> Provided records
=====

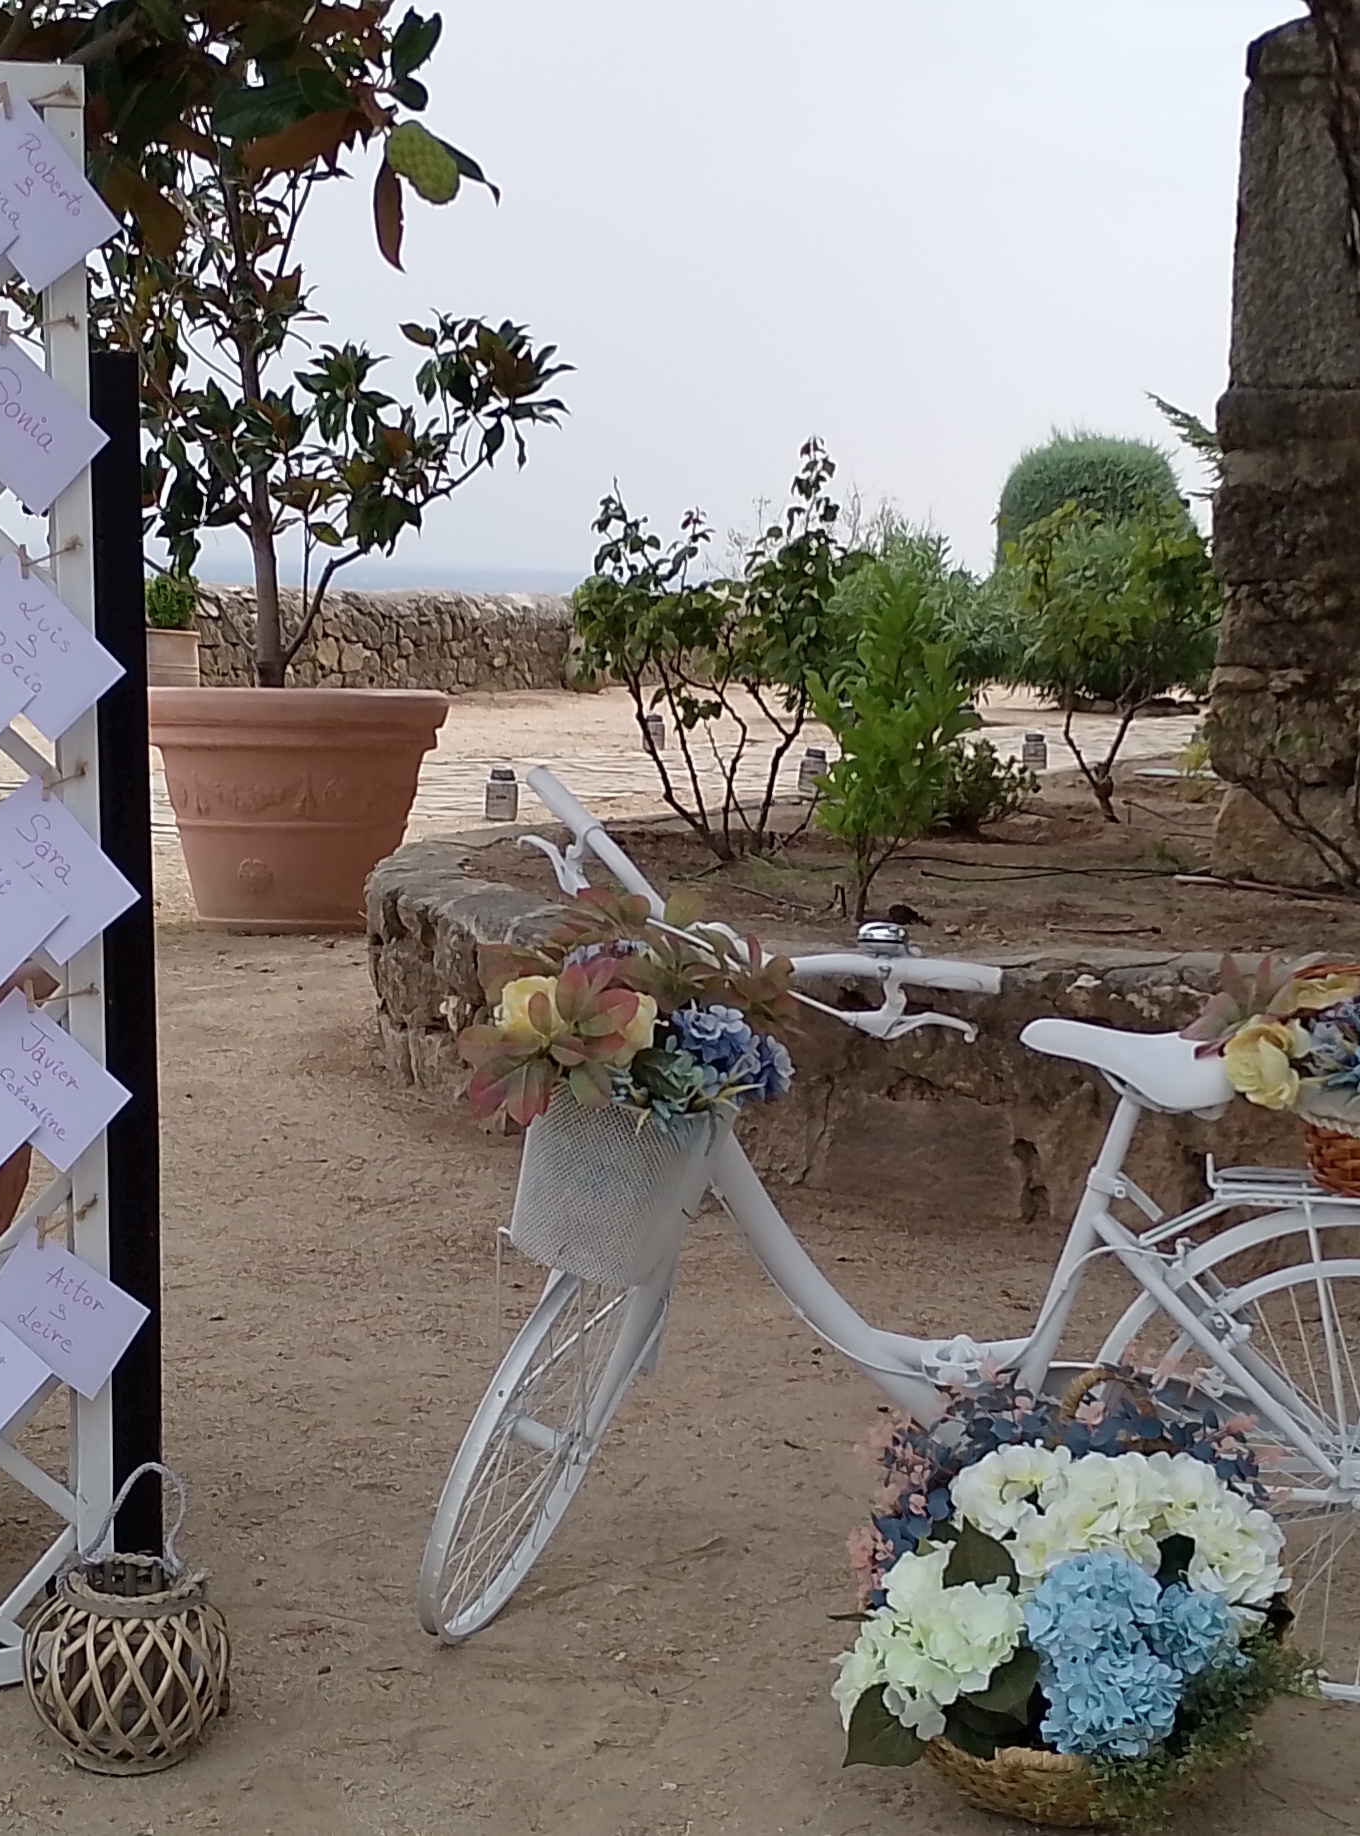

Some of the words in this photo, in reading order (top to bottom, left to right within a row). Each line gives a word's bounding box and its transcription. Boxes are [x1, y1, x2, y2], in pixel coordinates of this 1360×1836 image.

[18, 132, 83, 217] Roberto
[19, 601, 71, 653] Luis
[15, 814, 72, 886] Sara
[21, 1021, 80, 1090] Javier
[46, 1266, 105, 1313] Aitor
[17, 1306, 73, 1355] Leire

=====

> Exercise objective
Now reproduce all of the entries precisely, with no pictures in the copy.

> Exercise solution
Some of the words in this photo, in reading order (top to bottom, left to right within a row). Each line gives a word's bounding box and its transcription. Boxes are [x1, y1, x2, y2], in pixel coordinates of this 1360×1836 image.

[18, 132, 83, 217] Roberto
[19, 601, 71, 653] Luis
[15, 814, 72, 886] Sara
[21, 1021, 80, 1090] Javier
[46, 1266, 105, 1313] Aitor
[17, 1306, 73, 1355] Leire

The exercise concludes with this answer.